**Brief**.
The reply should hold every record, copied exactly, and none of the pictures.

[Given information — start]

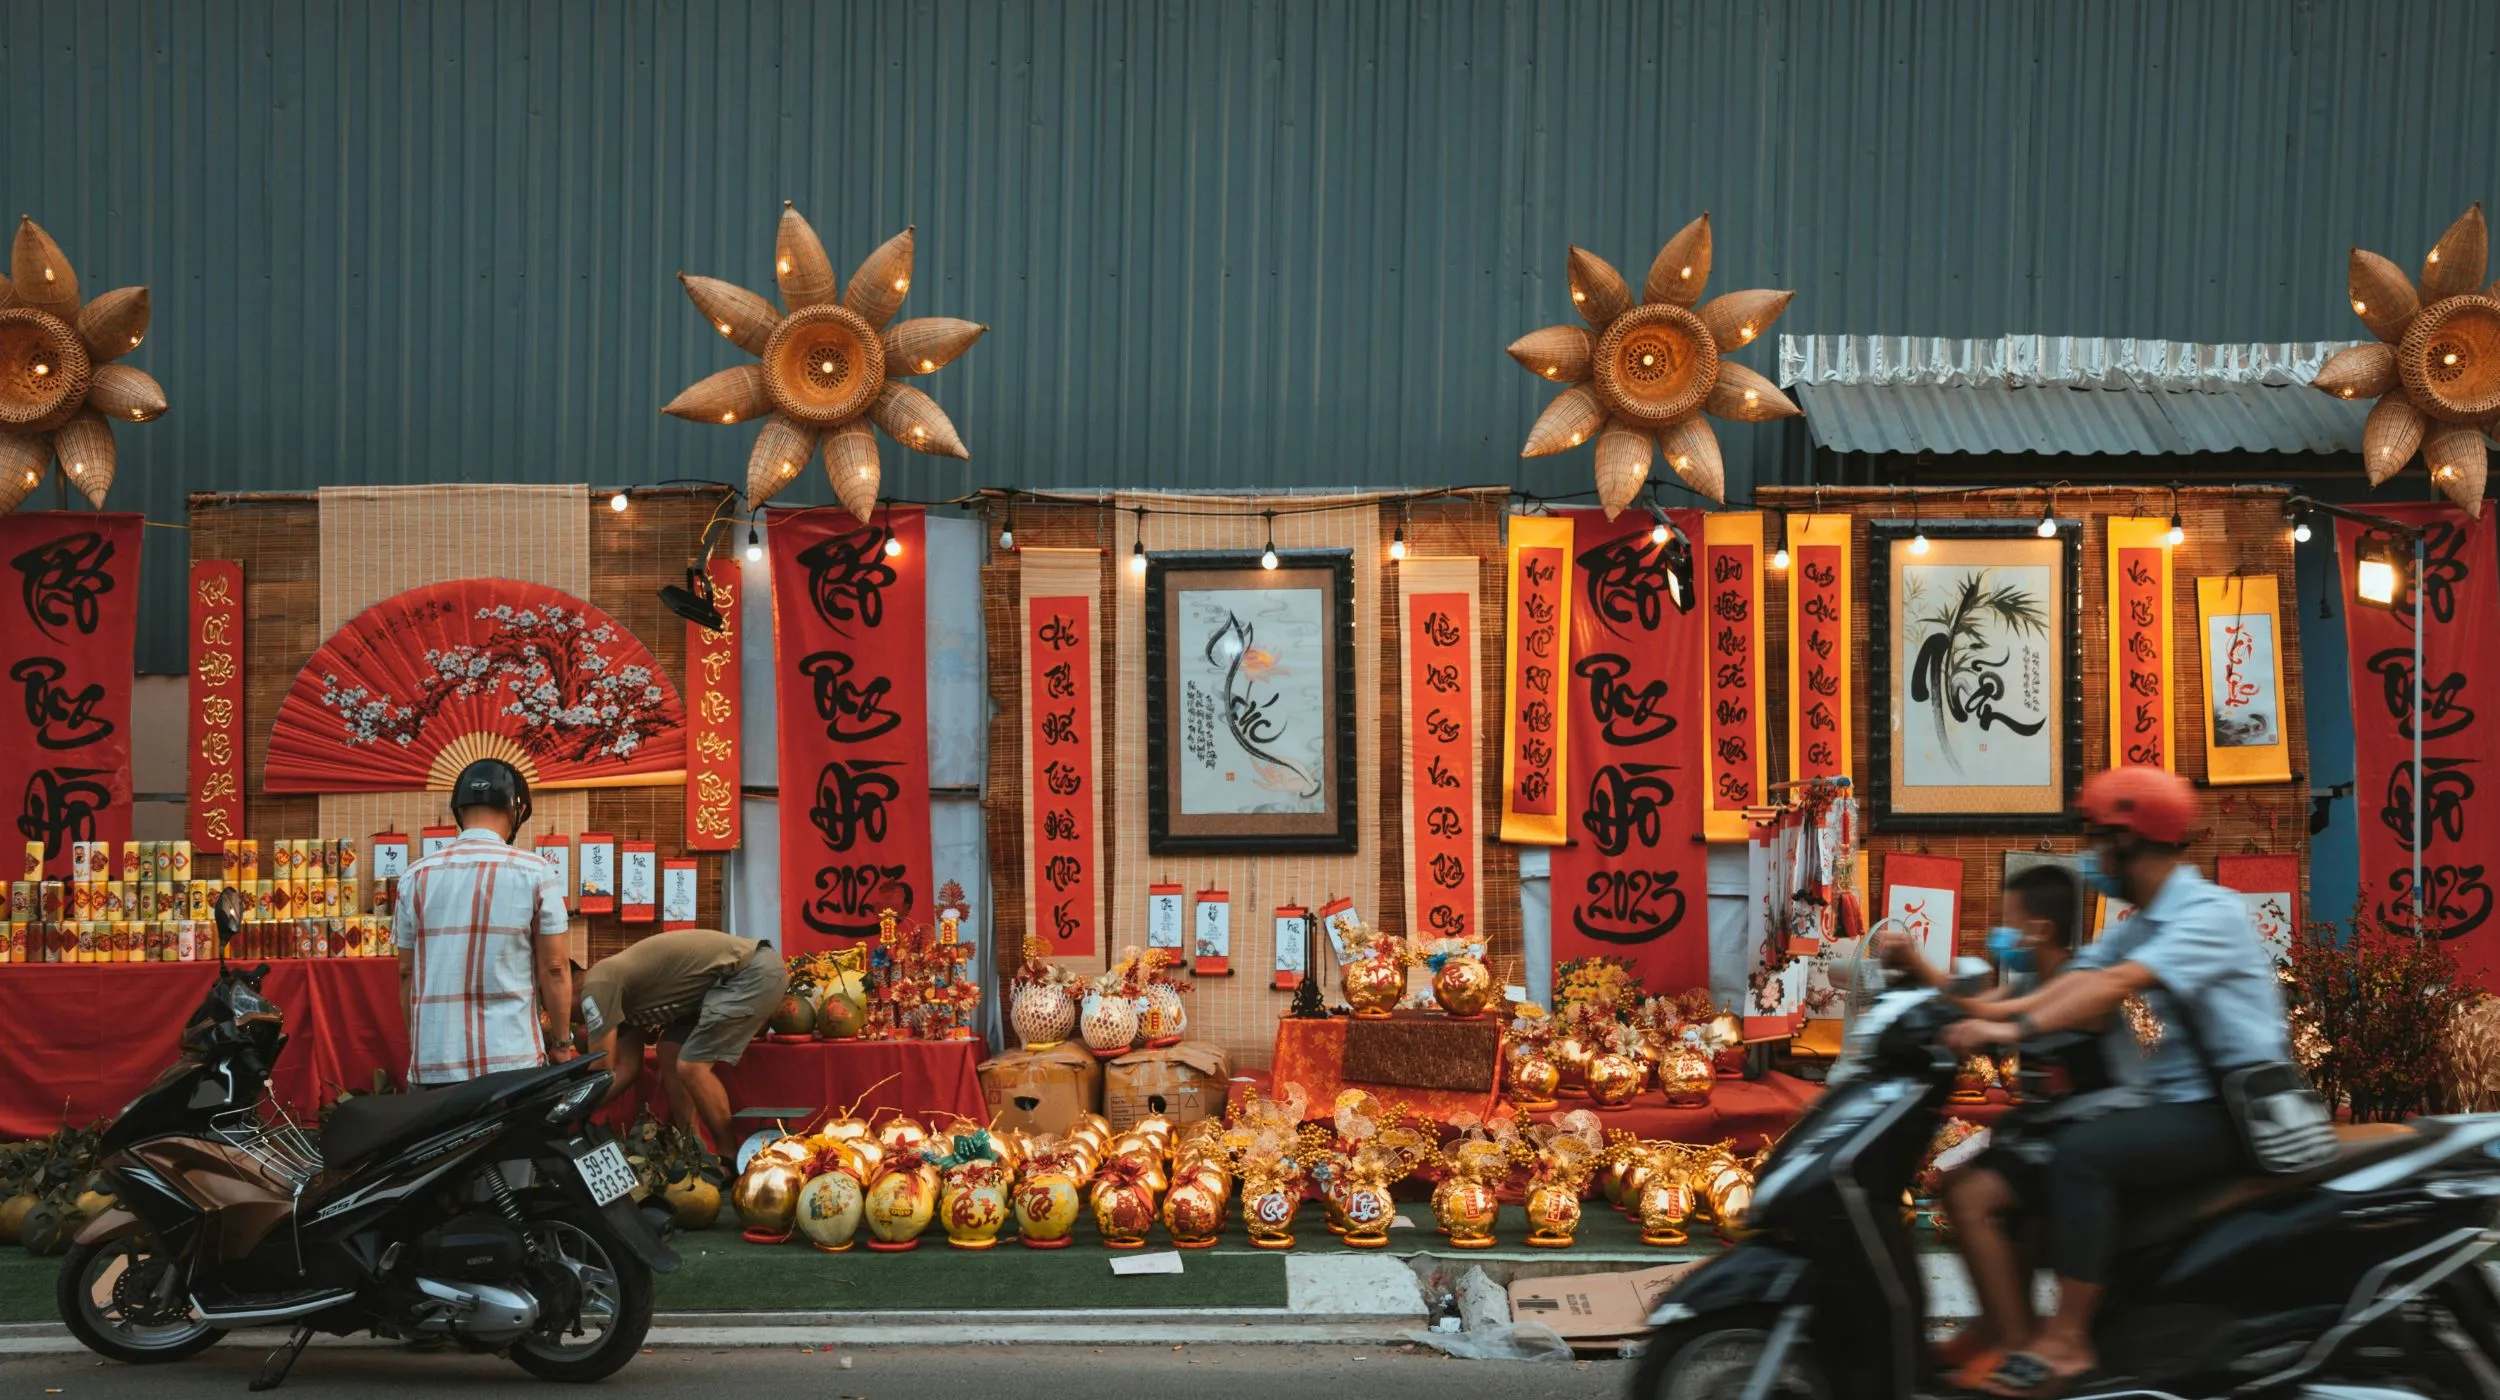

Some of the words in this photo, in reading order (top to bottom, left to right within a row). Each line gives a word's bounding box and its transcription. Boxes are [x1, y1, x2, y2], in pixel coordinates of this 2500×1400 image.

[796, 526, 898, 640] Phố
[1714, 554, 1743, 584] Đào
[1717, 626, 1746, 655] Khoe
[798, 650, 902, 744] Ông
[1574, 652, 1678, 747] Ông
[1717, 656, 1747, 689] Sắc
[9, 656, 115, 751] Ông
[1425, 708, 1461, 744] Sang
[1716, 697, 1748, 726] Đón
[2127, 735, 2161, 767] Cát
[809, 758, 908, 854] Đồ
[1579, 762, 1683, 857] Đồ
[1719, 772, 1749, 802] Sang
[802, 864, 914, 939] 2023
[1573, 869, 1687, 945] 2023
[2375, 864, 2494, 942] 2023
[322, 1199, 351, 1218] 125
[591, 1166, 636, 1202] 533.53
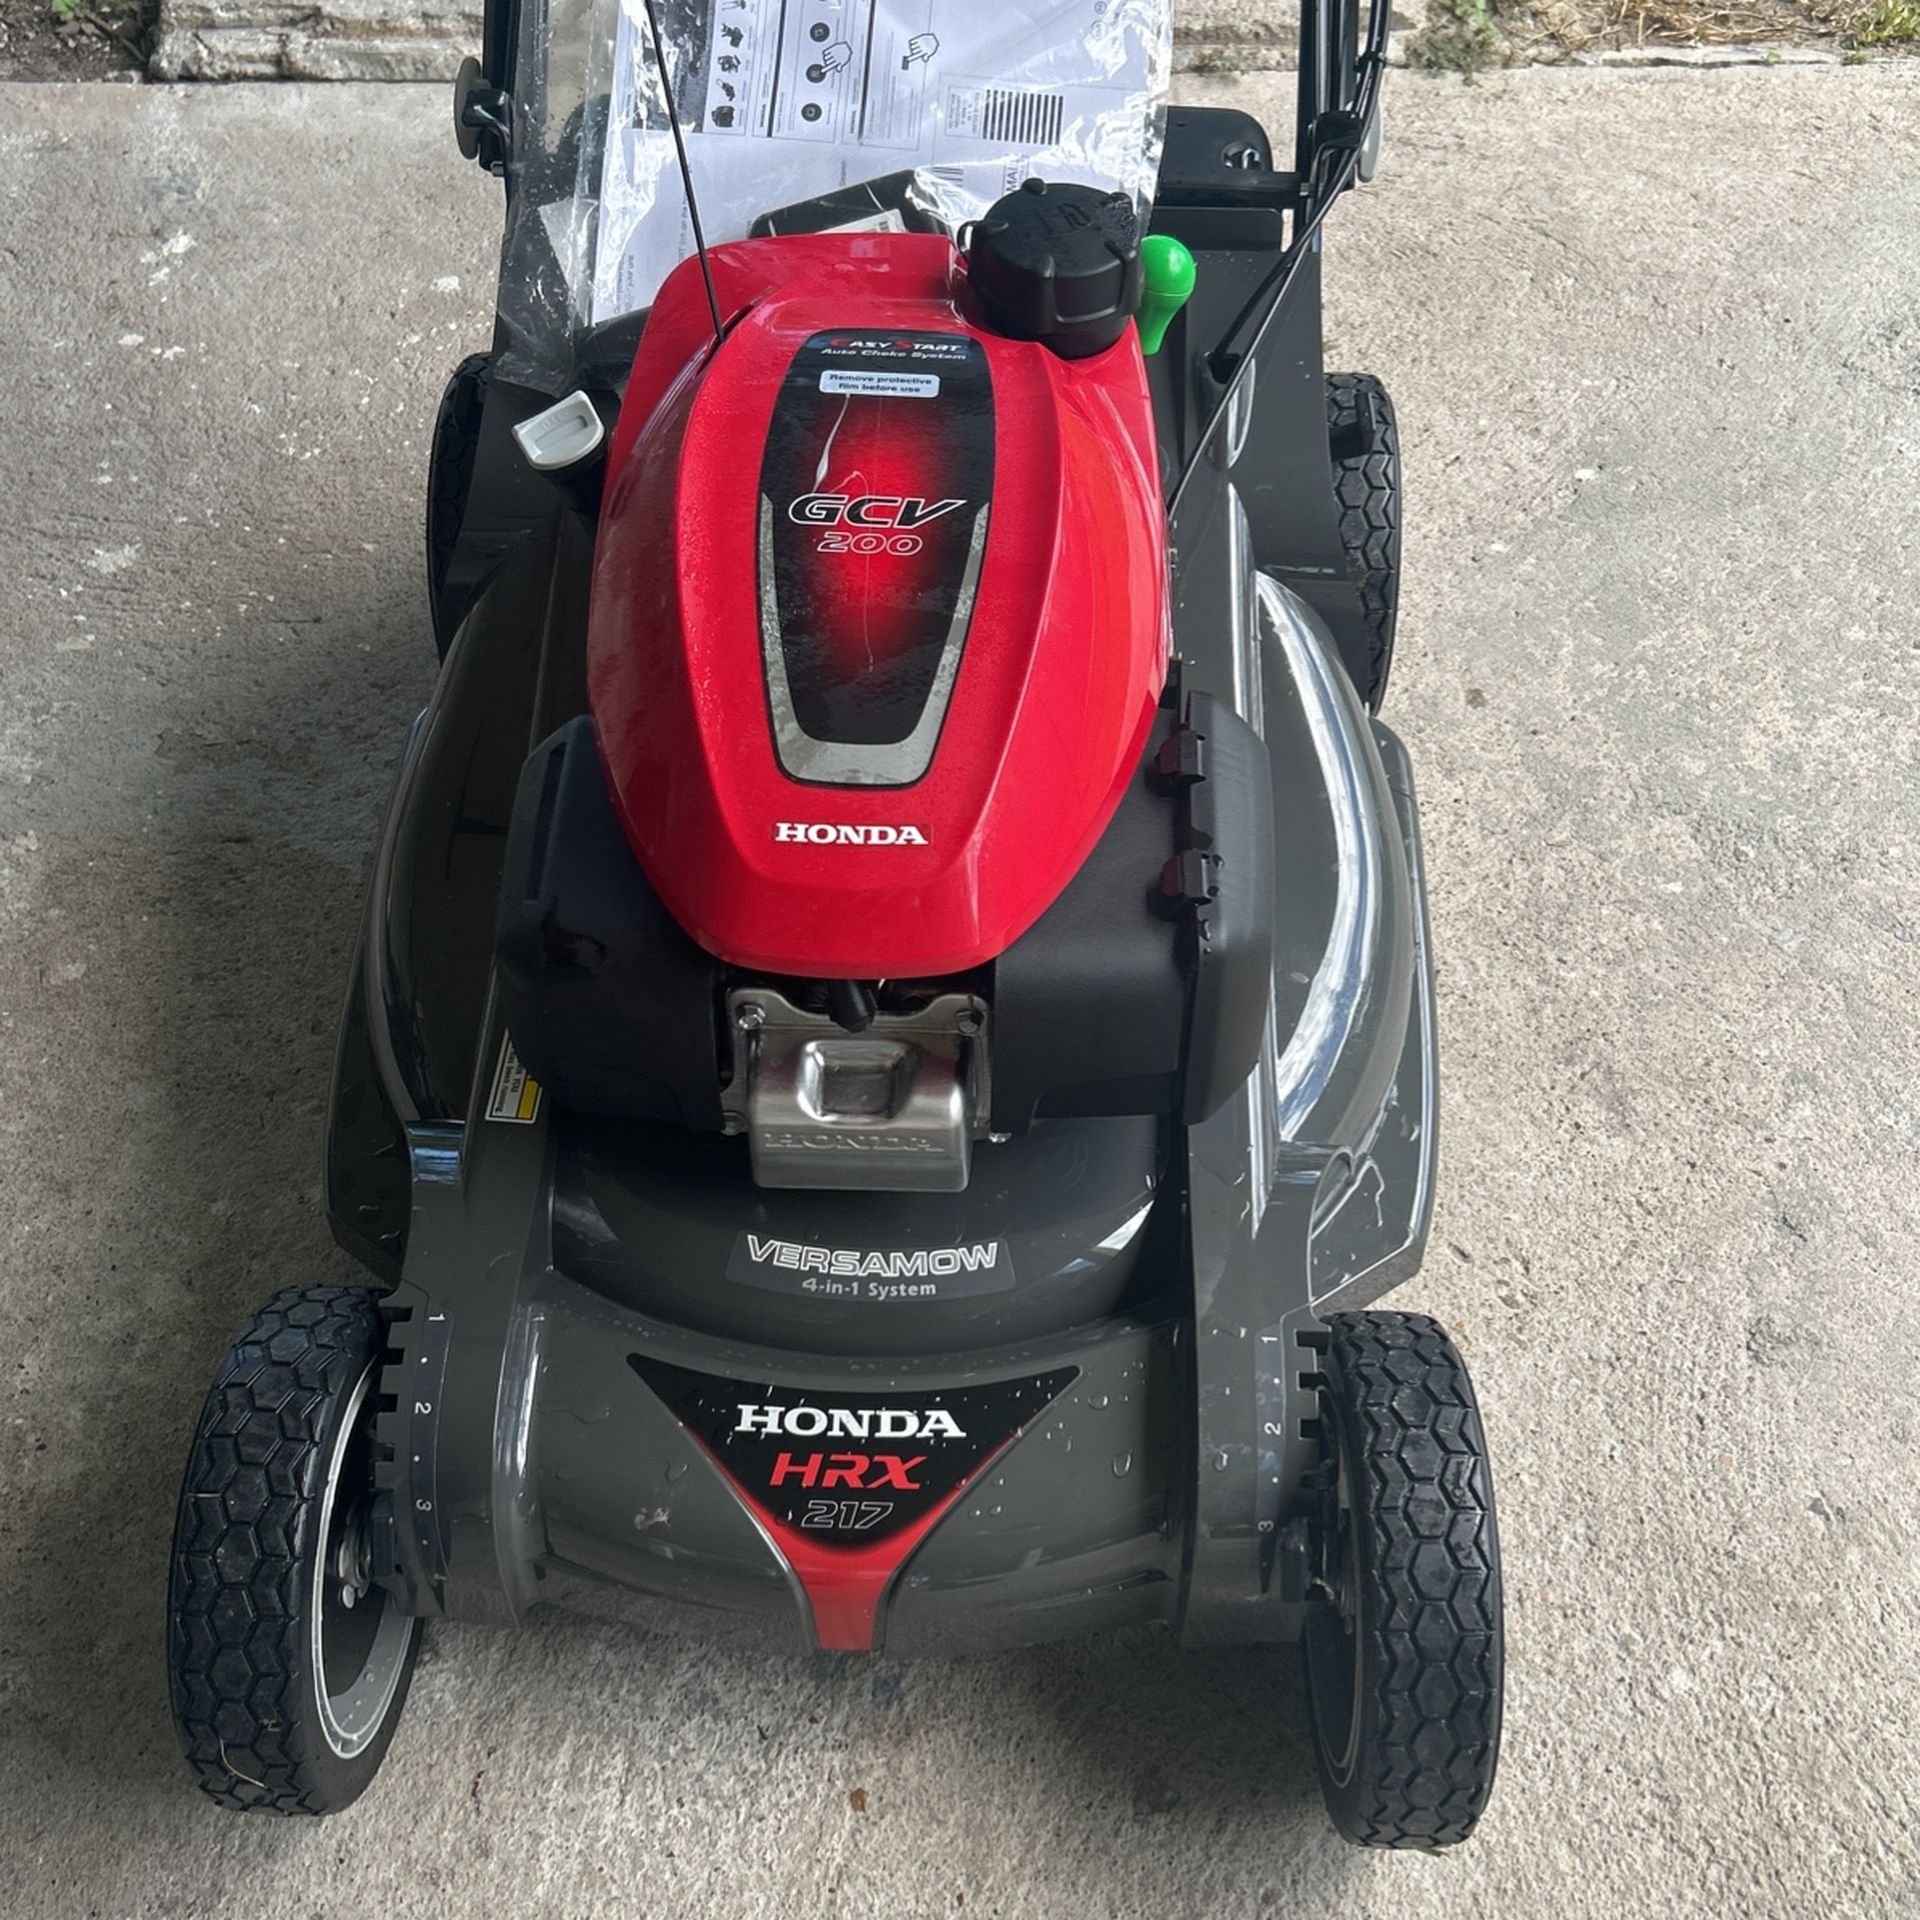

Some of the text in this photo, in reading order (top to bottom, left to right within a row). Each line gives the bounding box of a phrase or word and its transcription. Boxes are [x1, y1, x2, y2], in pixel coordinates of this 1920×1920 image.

[821, 348, 966, 360] Auto Choke System
[830, 374, 932, 387] Remove protective
[838, 383, 859, 391] film
[862, 383, 897, 392] before
[788, 493, 967, 529] GCV
[817, 531, 923, 556] 200
[775, 823, 928, 845] HONDA
[765, 1132, 944, 1152] HONDA
[747, 1234, 998, 1277] VERSAMOW
[802, 1277, 936, 1299] 4-in-1 System
[428, 1313, 445, 1321] 1
[415, 1402, 431, 1414] 2
[734, 1404, 966, 1438] HONDA
[1264, 1423, 1281, 1435] 2
[770, 1452, 928, 1490] HRX
[416, 1499, 432, 1511] 3
[802, 1500, 893, 1529] 217
[1258, 1521, 1274, 1532] 3

[Given information — finish]

**Expected answer**.
Some of the words in this photo, in reading order (top to bottom, left to right within a row). Each line gives a word's bounding box and its transcription. Boxes are [x1, y1, x2, y2], in pixel coordinates of this 2500×1400 image.

[796, 526, 898, 640] Phố
[1714, 554, 1743, 584] Đào
[1717, 626, 1746, 655] Khoe
[798, 650, 902, 744] Ông
[1574, 652, 1678, 747] Ông
[1717, 656, 1747, 689] Sắc
[9, 656, 115, 751] Ông
[1425, 708, 1461, 744] Sang
[1716, 697, 1748, 726] Đón
[2127, 735, 2161, 767] Cát
[809, 758, 908, 854] Đồ
[1579, 762, 1683, 857] Đồ
[1719, 772, 1749, 802] Sang
[802, 864, 914, 939] 2023
[1573, 869, 1687, 945] 2023
[2375, 864, 2494, 942] 2023
[322, 1199, 351, 1218] 125
[591, 1166, 636, 1202] 533.53

Some of the text in this photo, in reading order (top to bottom, left to right within a row). Each line gives the bounding box of a phrase or word and its transcription. Boxes are [x1, y1, x2, y2], in pixel coordinates of this 1920×1920 image.

[821, 348, 966, 360] Auto Choke System
[830, 374, 932, 387] Remove protective
[838, 383, 859, 391] film
[862, 383, 897, 392] before
[788, 493, 967, 529] GCV
[817, 531, 923, 556] 200
[775, 823, 928, 845] HONDA
[765, 1132, 944, 1152] HONDA
[747, 1234, 998, 1277] VERSAMOW
[802, 1277, 936, 1299] 4-in-1 System
[428, 1313, 445, 1321] 1
[415, 1402, 431, 1414] 2
[734, 1404, 966, 1438] HONDA
[1264, 1423, 1281, 1435] 2
[770, 1452, 928, 1490] HRX
[416, 1499, 432, 1511] 3
[802, 1500, 893, 1529] 217
[1258, 1521, 1274, 1532] 3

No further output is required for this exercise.